Ähnliche Drohungen hatte auch Ex-Ministerpräsident Ferenc Gyurcsány bei seiner Einvernahme in der Sukoró-Affäre gegenüber den ermittelnden Staatsanwälten ausgesprochen.

Die Ungarische Richtervereinigung (Mabie) reagierte auf die Wort Bárándys wie folgt: „Es ist ein in mehr als 20 Jahren Demokratie in Ungarn  beispielloser Vorgang, dass ein Parlamentsabgeordneter, ein Mitglied des Rechtsausschusses, unter dem Vorwand der Verteidigung der Justiz Richter, die nur dem Gesetz unterworfen sind, als Politkommissare bezeichnet und ihnen droht, man werde sie zur Verantwortung ziehen.“

Die Richtervereinigung rief die Partei auf, man solle Bárándy zur Ordnung rufen und dafür sorgen, dass er künftig von Stimmungsmache gegen die Richterschaft Abstand nimmt.

Werbung

11 Kommentare zu “Drohungen gegen Richter: „Demokratie“ à la MSZP ante portas?

  1. Die Worte Bárándys sind alles andere als hilfreich und die o.g. Richtervereinigung sagt mir leider nichts. Ich fürchte nur, dass auch die Richterschaft in Ungarn nicht ganz frei vom Lagerdenken ist.
    Sagen wir mal so: Wenn eine politische Kraft in einem extrem polarisierten politischen Klima wie dem in Ungarn nahezu alle Führungspositionen im Staat wie in den staatsnahen, von öffentlichen Geldern abhängigen Bereichen neu besetzt, trägt das nun mal dazu bei, dass die Oppositionsparteien und ihre marginaliserte Klientel den Wunsch entwickeln, dies möglichst rückgängig zu machen.
    Da dreht sich eine Spirale genährt von Sendungsbewusstsein auf der einen Seite und Ohnmachtsgefühlen auf der anderen Seite. Dem kann Ungarn nur entrinnen, wenn die neuen Spitzen in der Judikative, bei der Medienbehörde usw. sich über einen längeren Zeitraum als wirklich unabhängig gegenüber politischen Einflüssen erweisen und wenn mögliche künftige Regierungen anderer Färbung die Größe haben, dies anzuerkennen.
    Meine These ist inzwischen, dass die Schärfe der politischen Auseinandersetzung in Ungarn sehr viel damit zu tun hat, dass es um mehr geht, als um politische Programme. Es geht im großen Stil um Posten, Prestige, Zugang zu Subventionen und damit um Karrieren, Lebenschancen, mitunter sogar um Existenzen. Die für das Funktionieren der Demokratie unerlässliche gegenseitige Rücksichtnahme von Mehrheiten und Minderheiten wird dadurch stark beeinträchtigt.

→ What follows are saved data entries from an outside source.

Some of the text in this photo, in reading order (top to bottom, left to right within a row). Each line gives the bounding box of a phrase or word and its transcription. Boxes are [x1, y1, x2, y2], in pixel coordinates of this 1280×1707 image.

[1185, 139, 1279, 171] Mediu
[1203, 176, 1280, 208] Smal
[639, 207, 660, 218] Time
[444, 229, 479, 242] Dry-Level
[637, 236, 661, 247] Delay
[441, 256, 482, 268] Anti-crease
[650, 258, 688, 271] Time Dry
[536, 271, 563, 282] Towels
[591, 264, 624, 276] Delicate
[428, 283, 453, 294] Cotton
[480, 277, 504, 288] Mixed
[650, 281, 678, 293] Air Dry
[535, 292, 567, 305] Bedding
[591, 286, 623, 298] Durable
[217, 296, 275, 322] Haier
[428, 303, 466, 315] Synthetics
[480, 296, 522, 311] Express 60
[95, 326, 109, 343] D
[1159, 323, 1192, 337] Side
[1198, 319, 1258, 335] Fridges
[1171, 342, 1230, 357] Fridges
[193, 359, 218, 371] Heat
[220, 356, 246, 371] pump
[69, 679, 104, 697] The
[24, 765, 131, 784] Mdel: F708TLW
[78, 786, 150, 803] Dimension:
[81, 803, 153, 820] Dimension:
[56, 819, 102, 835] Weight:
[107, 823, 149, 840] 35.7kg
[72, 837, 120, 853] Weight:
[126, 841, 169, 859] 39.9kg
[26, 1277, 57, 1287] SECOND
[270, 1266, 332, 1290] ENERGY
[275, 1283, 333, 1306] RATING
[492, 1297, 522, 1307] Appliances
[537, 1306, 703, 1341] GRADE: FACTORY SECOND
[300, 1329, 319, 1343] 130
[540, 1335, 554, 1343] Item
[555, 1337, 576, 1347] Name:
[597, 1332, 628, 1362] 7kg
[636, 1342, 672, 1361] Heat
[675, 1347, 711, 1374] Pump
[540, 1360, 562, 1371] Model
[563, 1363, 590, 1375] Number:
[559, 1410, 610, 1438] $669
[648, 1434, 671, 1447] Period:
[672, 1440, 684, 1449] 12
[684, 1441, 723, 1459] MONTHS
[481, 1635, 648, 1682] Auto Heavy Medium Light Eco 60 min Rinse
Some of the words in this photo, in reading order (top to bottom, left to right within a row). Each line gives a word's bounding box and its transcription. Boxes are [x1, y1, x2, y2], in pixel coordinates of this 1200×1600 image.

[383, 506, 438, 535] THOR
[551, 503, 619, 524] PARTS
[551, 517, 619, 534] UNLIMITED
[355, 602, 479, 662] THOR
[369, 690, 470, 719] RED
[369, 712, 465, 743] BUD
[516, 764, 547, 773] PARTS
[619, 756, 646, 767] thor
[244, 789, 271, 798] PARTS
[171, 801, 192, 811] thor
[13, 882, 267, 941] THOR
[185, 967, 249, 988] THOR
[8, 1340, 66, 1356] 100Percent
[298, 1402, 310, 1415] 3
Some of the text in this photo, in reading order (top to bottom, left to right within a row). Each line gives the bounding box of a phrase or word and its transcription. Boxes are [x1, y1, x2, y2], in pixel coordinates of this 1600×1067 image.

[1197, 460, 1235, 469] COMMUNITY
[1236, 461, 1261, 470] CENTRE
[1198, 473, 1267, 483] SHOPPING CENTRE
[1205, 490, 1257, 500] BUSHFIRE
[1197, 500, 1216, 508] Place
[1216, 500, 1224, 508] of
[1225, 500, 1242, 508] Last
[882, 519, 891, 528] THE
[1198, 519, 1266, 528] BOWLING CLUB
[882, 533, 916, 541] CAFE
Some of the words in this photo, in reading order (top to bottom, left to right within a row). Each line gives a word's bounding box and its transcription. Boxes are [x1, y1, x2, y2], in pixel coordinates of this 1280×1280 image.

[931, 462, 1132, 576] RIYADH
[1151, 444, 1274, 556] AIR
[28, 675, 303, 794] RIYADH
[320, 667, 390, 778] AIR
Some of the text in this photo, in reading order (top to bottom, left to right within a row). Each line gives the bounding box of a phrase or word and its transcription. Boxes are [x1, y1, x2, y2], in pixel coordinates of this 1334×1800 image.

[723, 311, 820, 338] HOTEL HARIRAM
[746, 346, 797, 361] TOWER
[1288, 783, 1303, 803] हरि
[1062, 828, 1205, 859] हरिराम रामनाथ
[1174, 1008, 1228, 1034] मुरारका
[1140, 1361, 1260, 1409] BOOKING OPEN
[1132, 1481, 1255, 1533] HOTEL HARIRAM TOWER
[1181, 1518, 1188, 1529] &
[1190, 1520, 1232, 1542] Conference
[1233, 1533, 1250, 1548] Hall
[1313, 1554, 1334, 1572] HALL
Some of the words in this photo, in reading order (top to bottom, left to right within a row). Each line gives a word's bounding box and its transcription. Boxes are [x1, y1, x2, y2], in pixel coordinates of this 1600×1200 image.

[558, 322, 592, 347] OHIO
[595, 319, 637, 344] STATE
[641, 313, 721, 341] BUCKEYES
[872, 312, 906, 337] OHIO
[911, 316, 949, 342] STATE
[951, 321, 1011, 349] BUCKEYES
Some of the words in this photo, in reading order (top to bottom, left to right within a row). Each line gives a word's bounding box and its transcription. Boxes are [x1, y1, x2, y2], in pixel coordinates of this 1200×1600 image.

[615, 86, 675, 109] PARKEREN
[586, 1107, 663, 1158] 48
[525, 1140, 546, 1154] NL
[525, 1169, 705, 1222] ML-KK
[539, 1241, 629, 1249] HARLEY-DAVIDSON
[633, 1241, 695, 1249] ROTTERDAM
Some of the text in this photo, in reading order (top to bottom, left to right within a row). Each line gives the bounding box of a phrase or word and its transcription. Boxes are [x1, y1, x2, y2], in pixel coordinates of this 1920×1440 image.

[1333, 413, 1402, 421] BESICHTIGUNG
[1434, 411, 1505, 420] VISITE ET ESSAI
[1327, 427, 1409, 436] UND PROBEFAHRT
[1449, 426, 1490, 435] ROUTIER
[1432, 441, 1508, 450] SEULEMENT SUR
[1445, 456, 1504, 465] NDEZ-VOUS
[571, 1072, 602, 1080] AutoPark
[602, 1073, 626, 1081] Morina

    • Lieber Ungarnfreund,
      es ist – und das seit 20 Jahren – offenkundig, dass es in keinster Weise mehr um „politische Programme“ geht. In den maßgeblichen Fragen bestand zwischen Fidesz und MSZP über Jahre hinweg kein allzu großer Unterschied.

      Selbstverständlich geht es hier, wie viele es zutreffend schreiben, um den Kampf der Eliten, oder anders: die politische und wirtschaftliche Führung des Landes nebst einer ungeheuren Zahl von Mitläufern und Speichelleckern. Die unterschiedliche Weltanschauung erscheint mir oft nur als Mittel zum Zweck, möglichst viele Menschen um sich herum zu scharen. Warum klappt das? Weil Teile der ungarischen Gesellschaft ihr eigenes Schicksal an der Couleur der politischen Führung festmachen. Der politische Gegner ist Feind, weil er die eigene Existenz bedroht.

      Bereits der nationale Runde Tisch hat den Anfang gemacht. Da ging es scheinbar um Ausgleich, doch eben auch darum, sich ein möglichst großes Stück vom Kuchen zu sichern. Wem das gelang, ist kein Geheimnis. Leider hat sich die Lage nicht entspannt, sondern durch das Verhalten aller politischen Akteure immzu nur verschärft.

      Dass eine 2/3-Mehrheit so weitermacht, ist bitter. Aussagen wie die obigen zeigen aber, dass man von der MSZP nicht viel mehr zu erwarten hat. Das wiederum interessiert hierzulande niemanden. Für das Ausland ist all das ein bloßer Kampf der Weltanschauungen, und da sind Linke einfach sympathischer als Rechte – weil sie sich europäischer geben, aber nicht „sind“.

      • sehr verehrter hv,

        „Aussagen wie die obigen zeigen aber, dass man von der MSZP nicht viel
        mehr zu erwarten hat.“

        diese beschreibung stößt bei mir auf etwas unbehagen. derart formuliert
        nehmen sie nun die ganze mszp in sippenhaft und erschweren somit
        natürlich eine mögliche annäherung, was, soweit ich dies zu beurteilen
        überhaupt in der lage bin, nicht im sinne dieses blogs liegen dürfte.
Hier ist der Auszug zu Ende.